■ **RECORDS FOR THE TASK**:
*-*-*

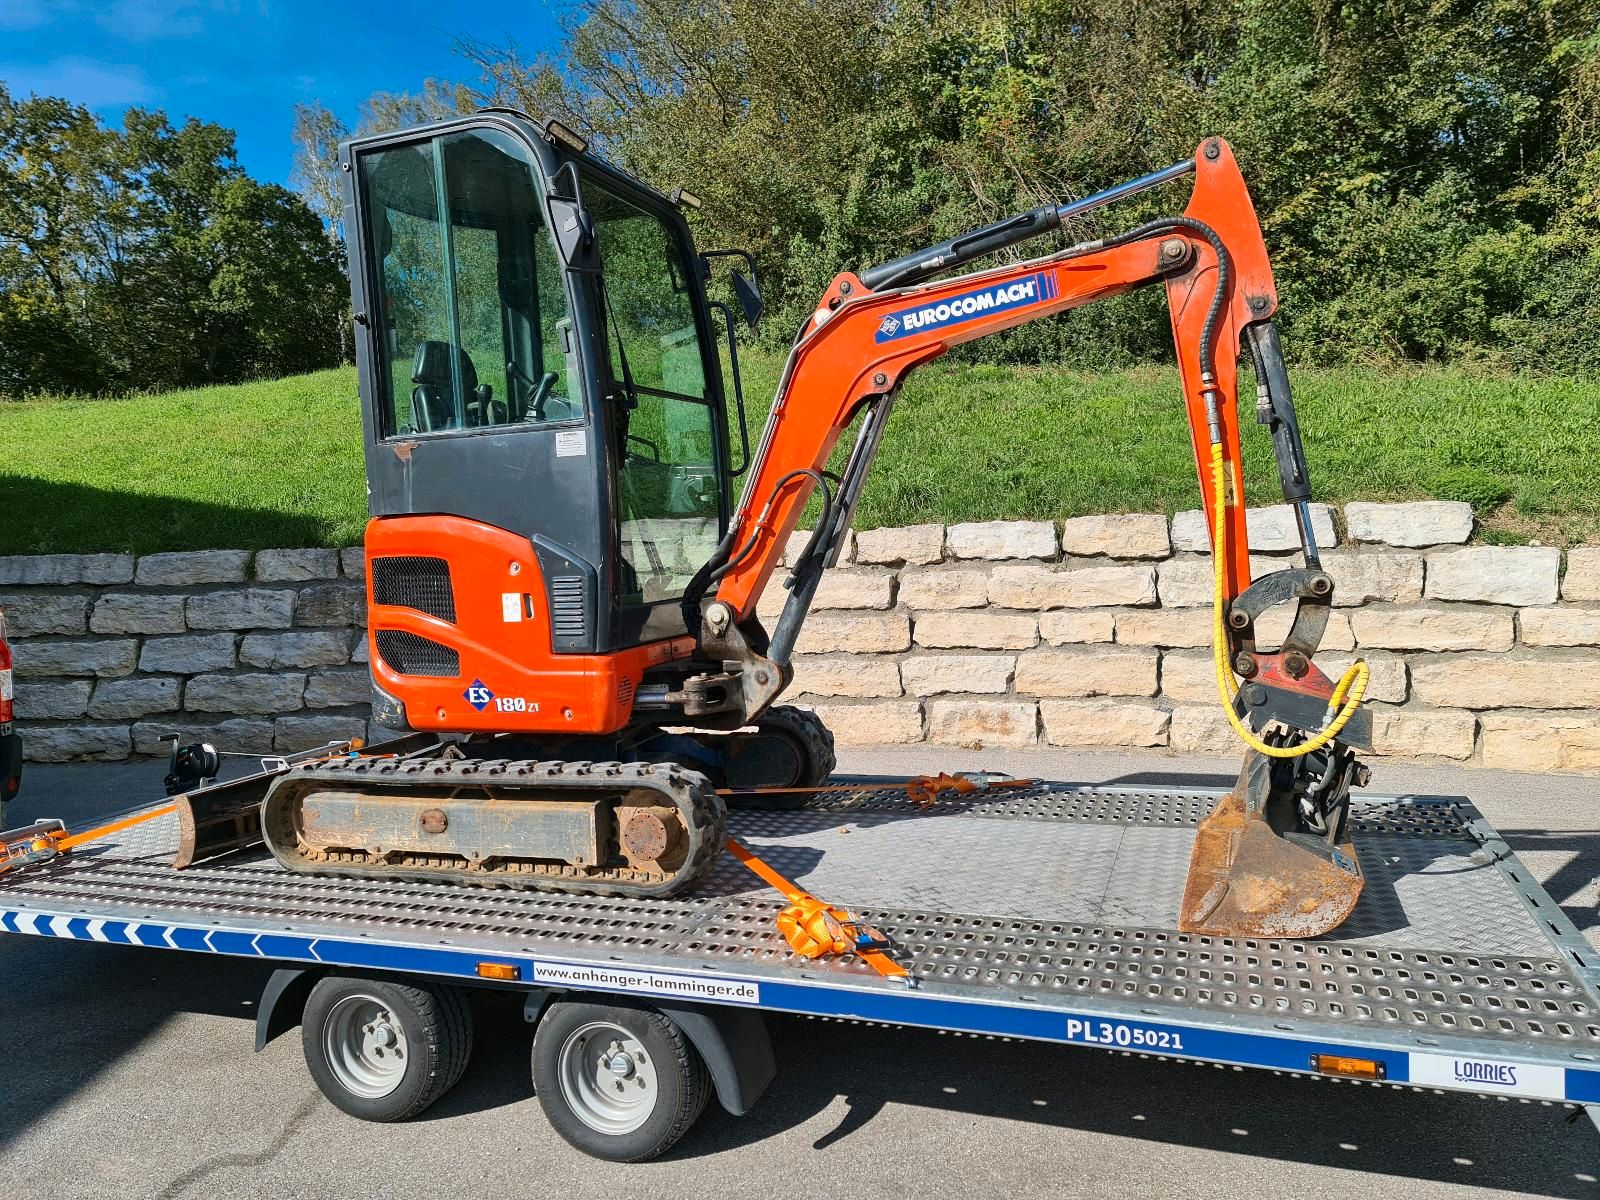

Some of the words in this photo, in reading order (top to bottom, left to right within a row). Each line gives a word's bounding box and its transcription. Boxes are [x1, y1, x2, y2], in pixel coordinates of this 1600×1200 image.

[903, 281, 1036, 331] EUROCOMACH
[468, 687, 490, 703] ES
[535, 966, 755, 998] www.anhänger-lamminger.de
[1454, 1060, 1517, 1086] LORRIES

*-*-*

■ **WORK REQUIRED**: For this exercise, retype the listing above word for word and omit the pictures.

■ **YOUR RESPONSE**:
Some of the words in this photo, in reading order (top to bottom, left to right within a row). Each line gives a word's bounding box and its transcription. Boxes are [x1, y1, x2, y2], in pixel coordinates of this 1600×1200 image.

[903, 281, 1036, 331] EUROCOMACH
[468, 687, 490, 703] ES
[535, 966, 755, 998] www.anhänger-lamminger.de
[1454, 1060, 1517, 1086] LORRIES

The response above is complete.